Besson has a more checkered history when his company has ventured into the risky waters of English-language indies.
“I Love You Phillip Morris” bowed to lots of buzz at Sundance, but the dark comedy starring Jim Carrey as a gay con man and Ewan McGregor as his cellmate lover, didn’t find a U.S. distributor at the festival. Nearly two months later, CAA and Endeavor are closing in on a U.S. distribution deal. The $18 million pic was financed through foreign presales.
The company’s previous American indies such as Tommy Lee Jones’ directorial debut, “The Three Burials of Melquiades Estrada,” didn’t catch on, but it has had better luck with French titles like “Tell No One, ” which it co-produced.
Le Pogam recently announced the company is in talks with Hollywood partners for American remakes of the thriller “Tell No One” and futuristic actioner “Banlieue 13.”
“Taken,” however, does show what EuropaCorp can deliver.
“The phenomenon of ‘Taken’ has amazed people in Hollywood,” says Fox co-chairman Jim Gianopulos. “The box office drop from one week to the next has been in the teens.”
Both Gianopulos and Jason Constantine, Lionsgate’s president of acquisitions and co-productions, agree that EuropaCorp’s most attractive asset is its ability to deliver high-concept movies at the low- to mid-budget range that can punch in high numbers in multiple territories.
Lionsgate distribbed EuropaCorp titles “Transporter 2,” “Transporter 3” and horror pic “Frontier(s).” Fox handled “Taken” and EuropaCorp pics “Hitman” and “Transporter” in multiple territories including the U.S.
“They have a very smart business model that allows them to thrive even in the current economic environment,” says Constantine. “EuropaCorp has a remarkable ability to consistently produce films that can be marketable, wide-release movies in North America.”
“Taken” cost a lean $37 million, and looks likely to top $200 million worldwide.

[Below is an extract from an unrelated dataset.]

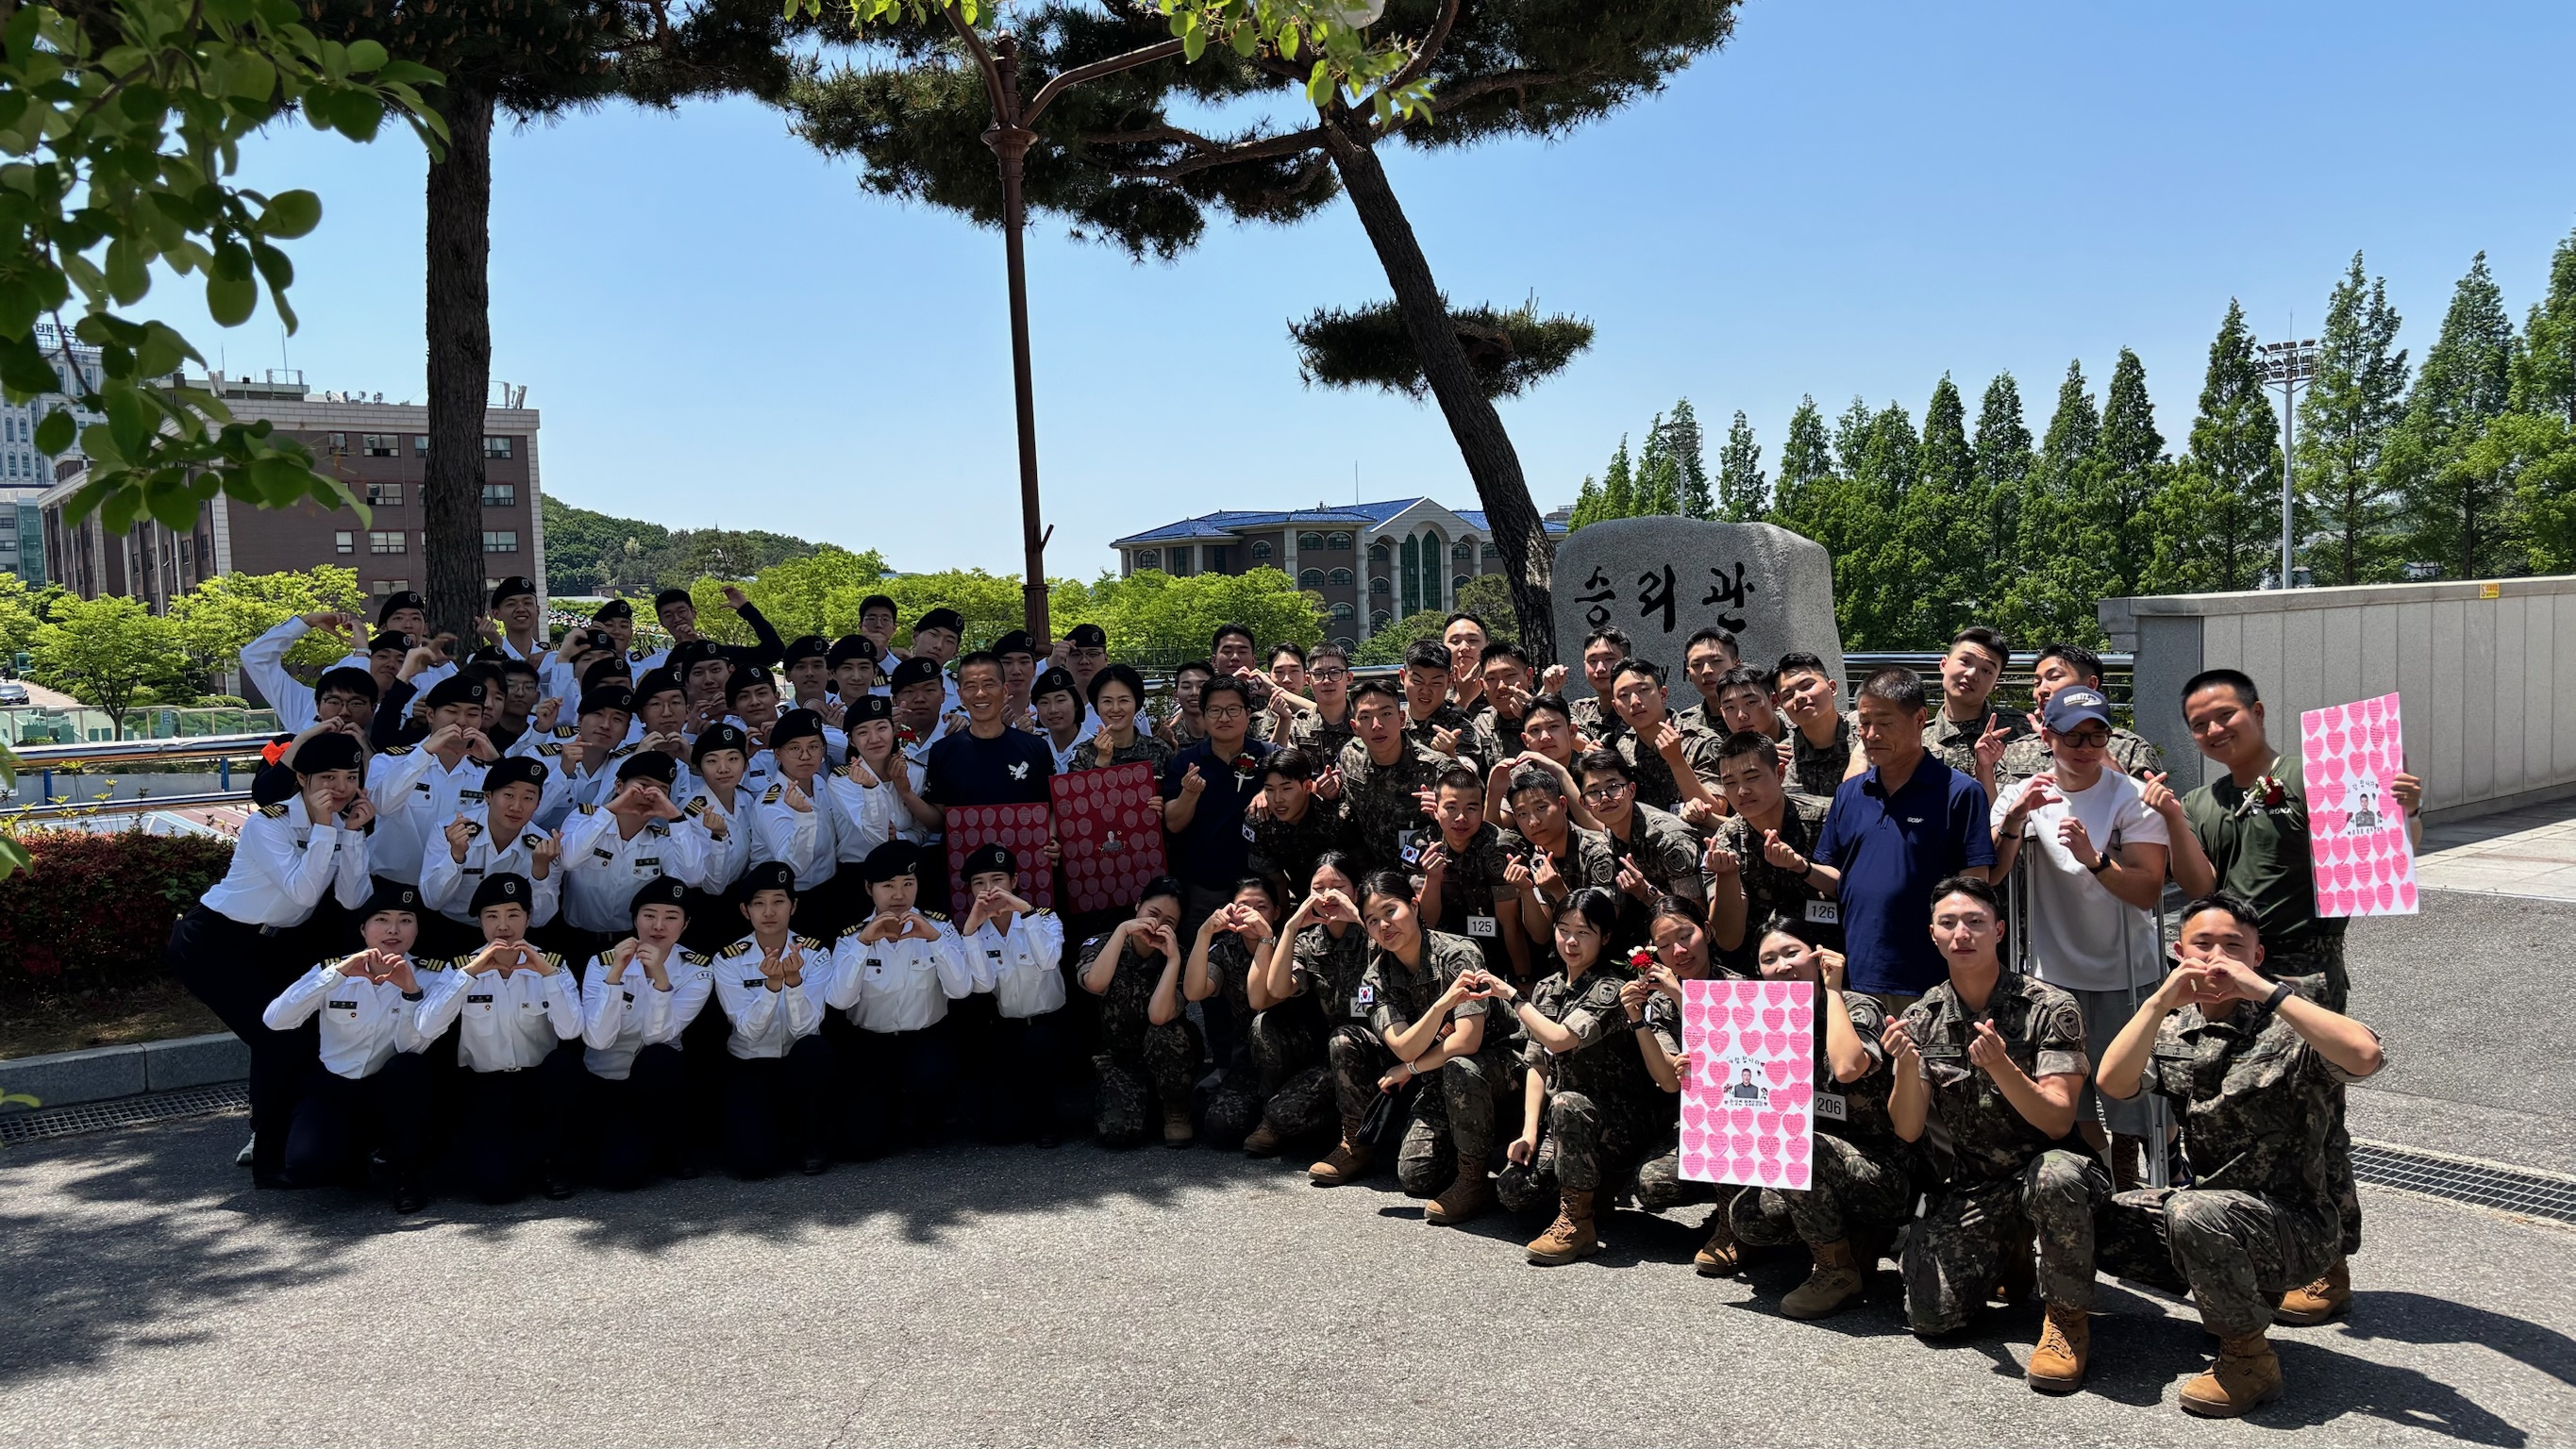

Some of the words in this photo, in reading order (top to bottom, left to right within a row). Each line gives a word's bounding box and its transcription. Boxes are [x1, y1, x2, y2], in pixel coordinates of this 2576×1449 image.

Before launching EuropaCorp, Besson broke through in the U.S. with 1998’s Bruce Willis starrer “The Fifth Element,” which grossed more than $63 million domestically. EuropaCorp’s first major release was 2001 actioner “Kiss of the Dragon.”
Even though he enjoys a strong young Gaul fanbase, Besson has been criticized by French critics for making American-style action movies that lack depth and originality. But it’s precisely these commercial titles that have helped EuropaCorp’s films account for more than 40% of French film exports over the past two years.
“Taken” director Pierre Morel also toplines the company’s next high-profile actioner, John Travolta-starrer “From Paris With Love,” due in late 2009.
But EuropaCorp’s not trying to take over Hollywood, just be a reliable supplier for the France and the rest of Europe, as well as the U.S.
“Our focus is to make the best possible films that we’d want to watch and give our American partners their money’s worth,” says Besson.
But, he adds: “Studios have been in Hollywood for 100 years and if we can just live alongside them, it’s perfect for us.”
But the publicly traded company will need to make bigger pics to reduce the volatility of its quarterly results. Although revenues have climbed by 19% since Jan. 1, EuropaCorp’s stock has fallen by 73% since the shingle sought public listing in May 2007.
Even those critical of Besson’s taste admit that he deserves credit for mentoring tyro and soph helmers: Morel, Louis Leterrier, Xavier Gens, Alexandre Aja and Olivier Megaton — much of France’s new genre wave.
“EuropaCorp’s model of apprenticeship is reminiscent of the old Hollywood studio system, in which filmmakers are brought up in an organized infrastructure of technical support and creative mentorship,” says Constantine.
John Hopewell and Ali Jaafar contributed to this report.